● **What to work on**
The data below is to be copied exactly, line by line.

### Dataset entries ###

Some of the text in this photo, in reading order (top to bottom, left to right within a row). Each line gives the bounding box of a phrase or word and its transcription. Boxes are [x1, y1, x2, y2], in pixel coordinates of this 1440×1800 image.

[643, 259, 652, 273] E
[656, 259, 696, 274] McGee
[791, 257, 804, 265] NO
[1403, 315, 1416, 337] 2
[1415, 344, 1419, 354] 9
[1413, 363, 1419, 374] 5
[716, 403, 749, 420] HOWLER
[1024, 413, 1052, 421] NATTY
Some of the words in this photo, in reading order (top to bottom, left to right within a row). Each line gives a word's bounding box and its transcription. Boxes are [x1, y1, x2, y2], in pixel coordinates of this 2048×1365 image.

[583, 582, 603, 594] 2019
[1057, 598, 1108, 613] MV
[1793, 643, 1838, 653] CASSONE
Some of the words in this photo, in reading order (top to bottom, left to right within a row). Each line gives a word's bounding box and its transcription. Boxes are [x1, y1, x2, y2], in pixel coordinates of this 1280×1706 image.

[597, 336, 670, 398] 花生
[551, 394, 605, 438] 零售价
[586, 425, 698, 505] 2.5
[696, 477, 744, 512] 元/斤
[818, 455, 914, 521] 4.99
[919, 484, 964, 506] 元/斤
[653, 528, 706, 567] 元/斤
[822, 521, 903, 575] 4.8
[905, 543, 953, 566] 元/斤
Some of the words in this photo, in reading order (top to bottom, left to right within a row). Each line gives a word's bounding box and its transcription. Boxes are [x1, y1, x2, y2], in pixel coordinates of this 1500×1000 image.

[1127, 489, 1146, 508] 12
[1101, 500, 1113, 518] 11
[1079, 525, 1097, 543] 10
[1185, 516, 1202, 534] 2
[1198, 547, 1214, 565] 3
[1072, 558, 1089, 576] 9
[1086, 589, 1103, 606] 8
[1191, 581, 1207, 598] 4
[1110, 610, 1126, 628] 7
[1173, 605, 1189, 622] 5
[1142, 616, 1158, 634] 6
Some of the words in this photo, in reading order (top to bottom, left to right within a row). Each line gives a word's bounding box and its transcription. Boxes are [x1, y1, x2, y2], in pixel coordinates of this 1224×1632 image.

###

● **Response to the task**
Some of the text in this photo, in reading order (top to bottom, left to right within a row). Each line gives the bounding box of a phrase or word and its transcription. Boxes are [x1, y1, x2, y2], in pixel coordinates of this 1440×1800 image.

[643, 259, 652, 273] E
[656, 259, 696, 274] McGee
[791, 257, 804, 265] NO
[1403, 315, 1416, 337] 2
[1415, 344, 1419, 354] 9
[1413, 363, 1419, 374] 5
[716, 403, 749, 420] HOWLER
[1024, 413, 1052, 421] NATTY
Some of the words in this photo, in reading order (top to bottom, left to right within a row). Each line gives a word's bounding box and its transcription. Boxes are [x1, y1, x2, y2], in pixel coordinates of this 2048×1365 image.

[583, 582, 603, 594] 2019
[1057, 598, 1108, 613] MV
[1793, 643, 1838, 653] CASSONE
Some of the words in this photo, in reading order (top to bottom, left to right within a row). Each line gives a word's bounding box and its transcription. Boxes are [x1, y1, x2, y2], in pixel coordinates of this 1280×1706 image.

[597, 336, 670, 398] 花生
[551, 394, 605, 438] 零售价
[586, 425, 698, 505] 2.5
[696, 477, 744, 512] 元/斤
[818, 455, 914, 521] 4.99
[919, 484, 964, 506] 元/斤
[653, 528, 706, 567] 元/斤
[822, 521, 903, 575] 4.8
[905, 543, 953, 566] 元/斤
Some of the words in this photo, in reading order (top to bottom, left to right within a row). Each line gives a word's bounding box and its transcription. Boxes are [x1, y1, x2, y2], in pixel coordinates of this 1500×1000 image.

[1127, 489, 1146, 508] 12
[1101, 500, 1113, 518] 11
[1079, 525, 1097, 543] 10
[1185, 516, 1202, 534] 2
[1198, 547, 1214, 565] 3
[1072, 558, 1089, 576] 9
[1086, 589, 1103, 606] 8
[1191, 581, 1207, 598] 4
[1110, 610, 1126, 628] 7
[1173, 605, 1189, 622] 5
[1142, 616, 1158, 634] 6
Some of the words in this photo, in reading order (top to bottom, left to right within a row). Each line gives a word's bounding box and its transcription. Boxes are [x1, y1, x2, y2], in pixel coordinates of this 1224×1632 image.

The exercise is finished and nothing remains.